The patient was transferred for cardiac catheterization which
showed a RA pressure of 9, PA pressure of 34/18, with a mean
of 25 and a wedge pressure of 15. The patient had left main
coronary artery mild disease, left anterior descending
diffuse disease, totally occluded left circumflex,
non-dominant with diffuse disease, right coronary artery
dominant with mid-segment total occlusion. Catheterization
was technically difficulty. No interventions were done.
Cardiothoracic surgery was consulted. The catheterization
was greatly unchanged from a cardiac catheterization in [**2190**]
which showed left main disease with focal area of 80% in left
anterior descending, left circumflex 80% occluded, right
coronary artery with diffuse disease. Evidently, in [**2190**],
the patient was evaluated for coronary artery bypass graft
but it was not done because of being a poor surgical
candidate with co-morbidities.
REVIEW OF SYSTEMS: No history of cerebrovascular accident,
no amaurosis fugax, no claudication in the arms. History of
syncope several years ago but could not recall events
surrounding this. The patient is having worsening of general
symptoms. The patient used to be able to transfer from bed to
wheelchair and would get chest pain after approximately ten feet.

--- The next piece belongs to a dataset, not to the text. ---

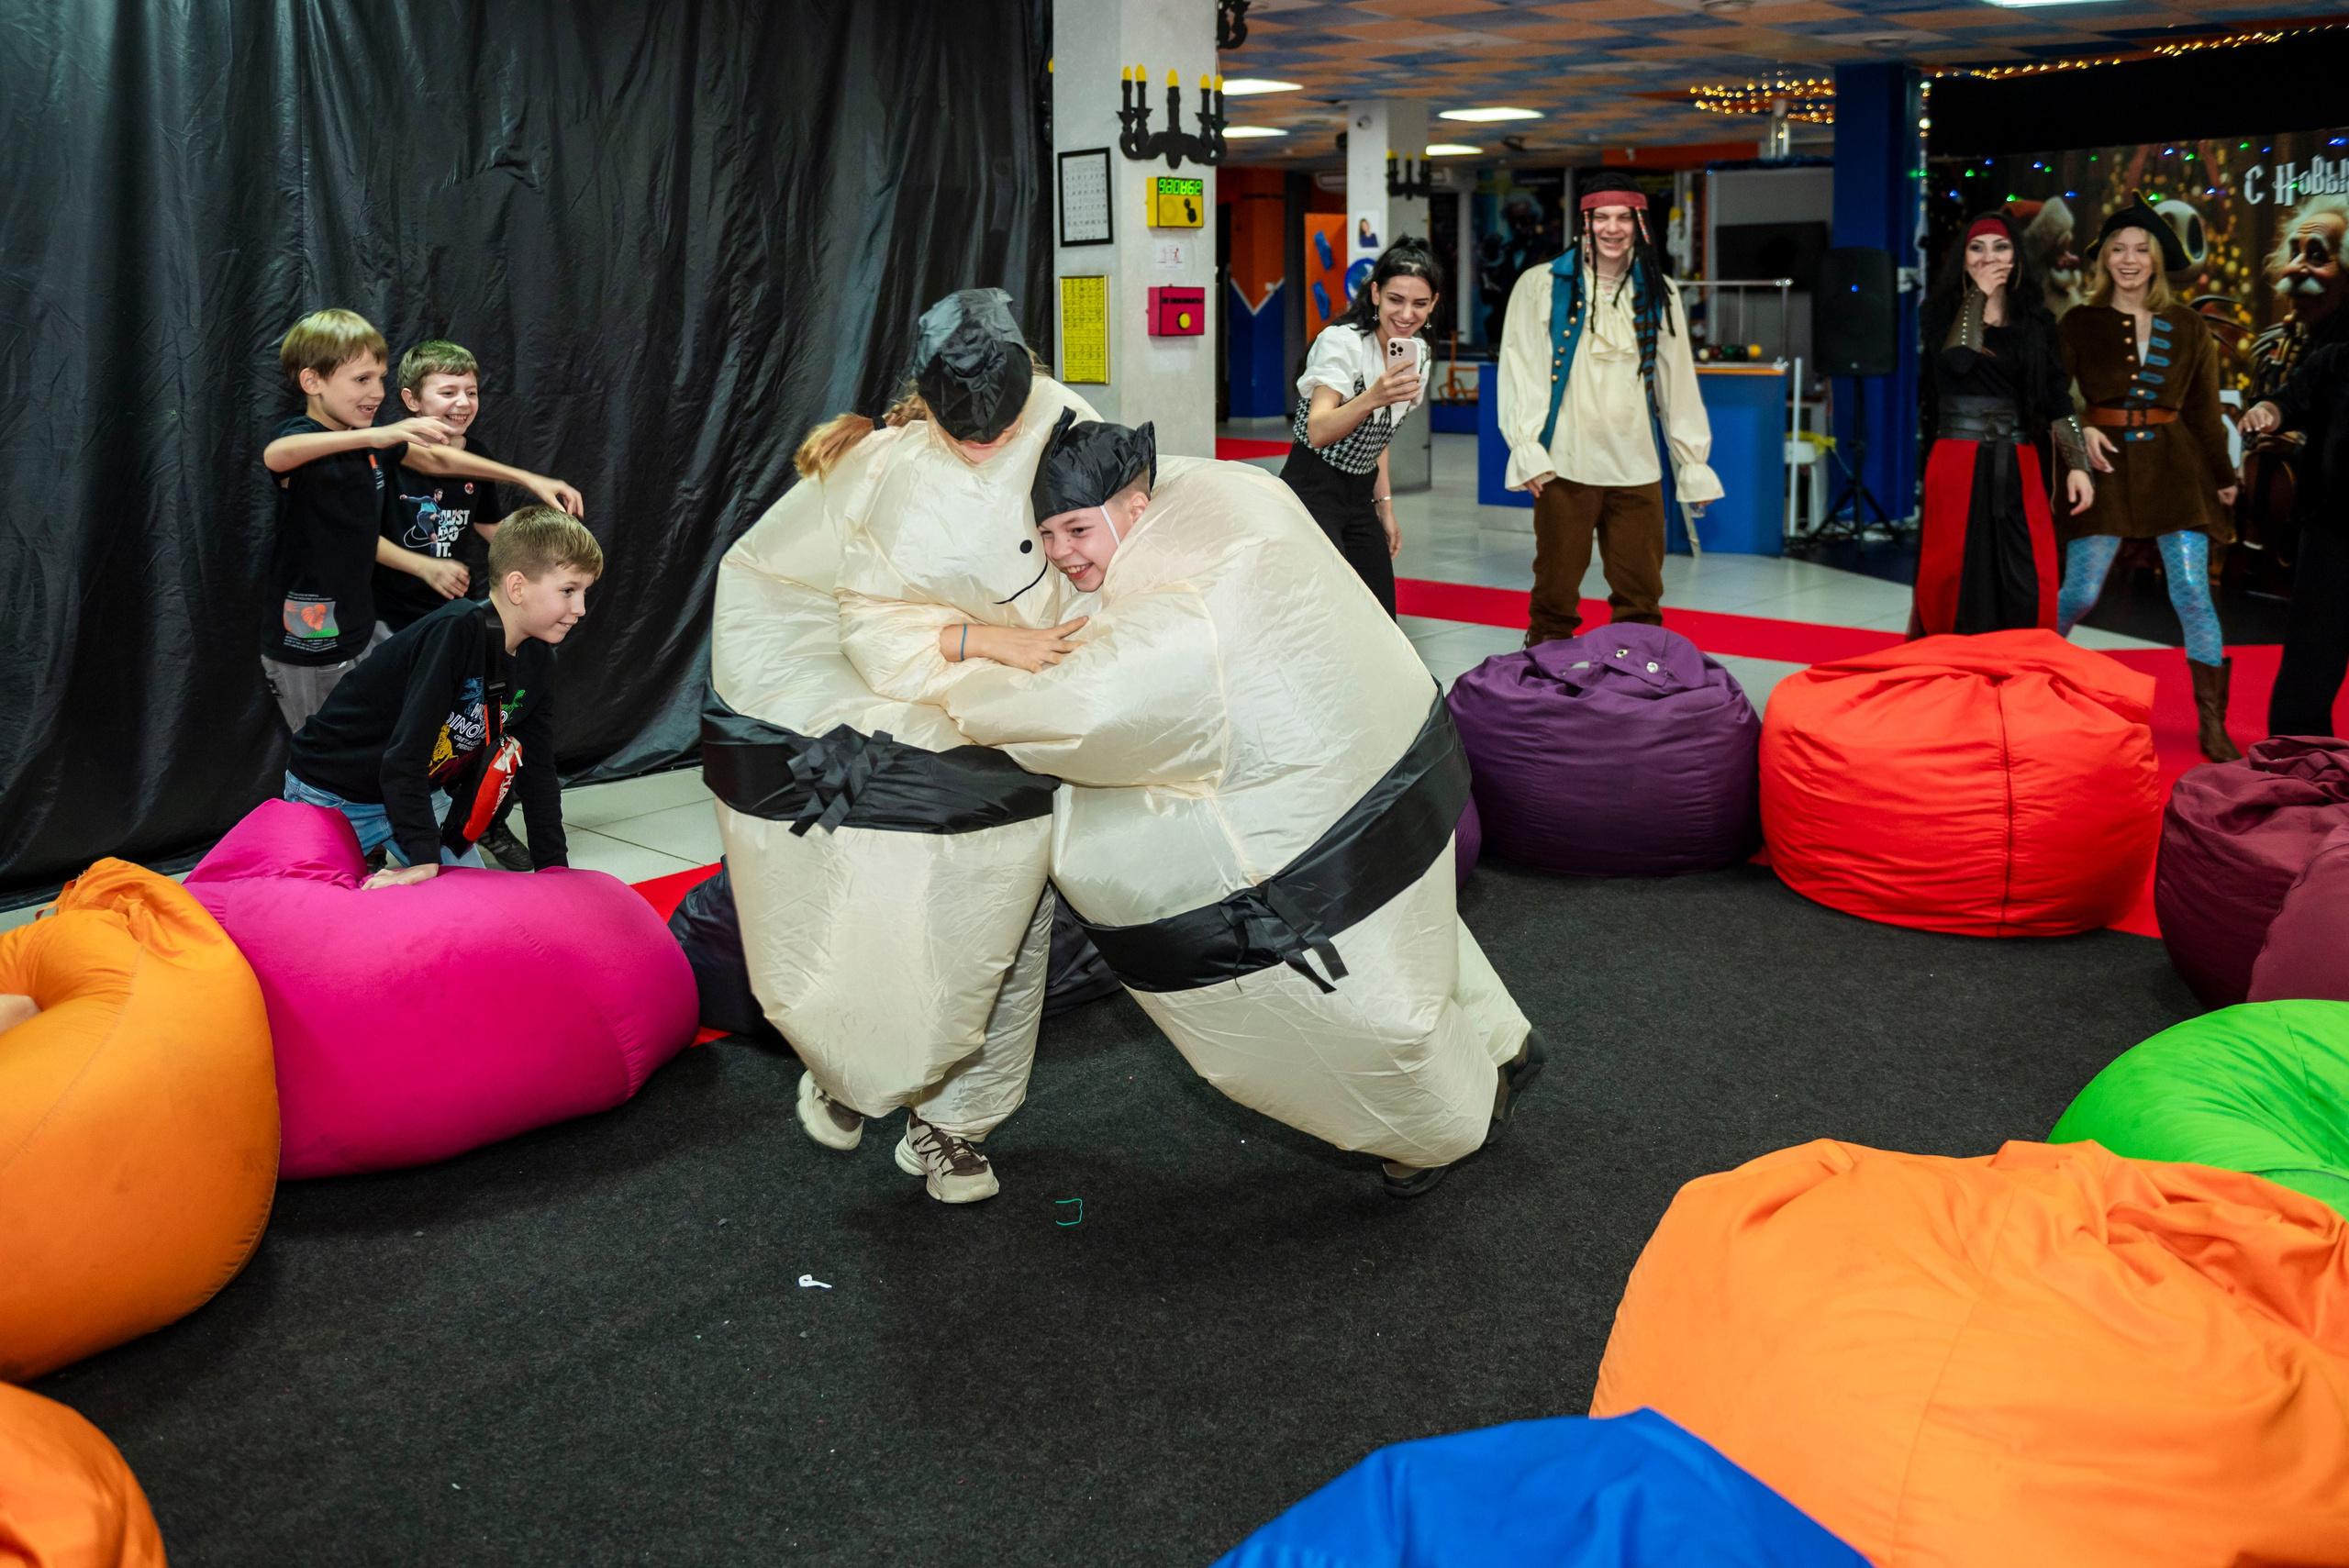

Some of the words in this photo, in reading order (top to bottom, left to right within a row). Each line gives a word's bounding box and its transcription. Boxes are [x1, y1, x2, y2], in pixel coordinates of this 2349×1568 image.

[439, 509, 470, 526] JUST
[437, 526, 460, 541] DO
[436, 542, 451, 557] IT.

Now patient was getting chest pain strictly on transfer from bed
to wheelchair.
MEDICATIONS ON ADMISSION:
1. Lopressor 100 twice a day.
2. Imdur 60 mg q. day.
3. Insulin 70/30, 56 units twice a day.
4. Lasix 40 mg q. day.
5. Aspirin 81 mg q. day.
6. Allopurinol 100 mg q. day.
7. Pravachol 40 mg q. day.
ALLERGIES: The patient has allergy to ACE inhibitor; she is
intolerant with an increased creatinine.
MEDICATIONS ON TRANSFER FROM CATHETERIZATION:
1. Integrilin drip.
SOCIAL HISTORY: The patient lives in [**Location (un) 5503**] with her
husband. She is independent. She had a 15 pack year history
of smoking which she quit. No alcohol use. She was a former
nurse.
PHYSICAL EXAMINATION: The patient was afebrile on
admission. Heart rate 95 to 100; right arm blood pressure
80, left arm blood pressure 120; 99% on two liters nasal
cannula. Generally, comfortable, obese, lying in bed,
slightly Cushingoid in appearance. HEENT: Showed sclerae
are anicteric. Oropharynx clear. No jugular venous
distention, no bruits. Pupils are equal, round, and reactive
to light and accommodation. Mucous membranes were moist.
Lungs clear to auscultation laterally and occasional
expiratory rhonchi anteriorly. Heart: Regular rate and
rhythm, positive S1, S2, with II/VI holosystolic murmur at
apex. Point of maximal impulse difficult to palpate.
Abdomen with positive bowel sounds, nontender, no ecchymosis.
Groin: Right groin without hematoma. Venous groin sheath in
place. Extremities with left below the knee amputation,
right above the knee amputation. Scar along medial portion
of left below the knee amputation.
LABORATORY: On admission, white blood cell count 9.0.
Hematocrit 26.7, platelets 166, INR 1.7, PT 15.7, PTT 37.2.
Sodium 142, potassium 3.8, chloride 108, bicarbonate 22, BUN
42, creatinine 2.0, glucose 148, magnesium 1.5, calcium 7.8.
CK 2187, MB fraction was 223, MB index 10.2.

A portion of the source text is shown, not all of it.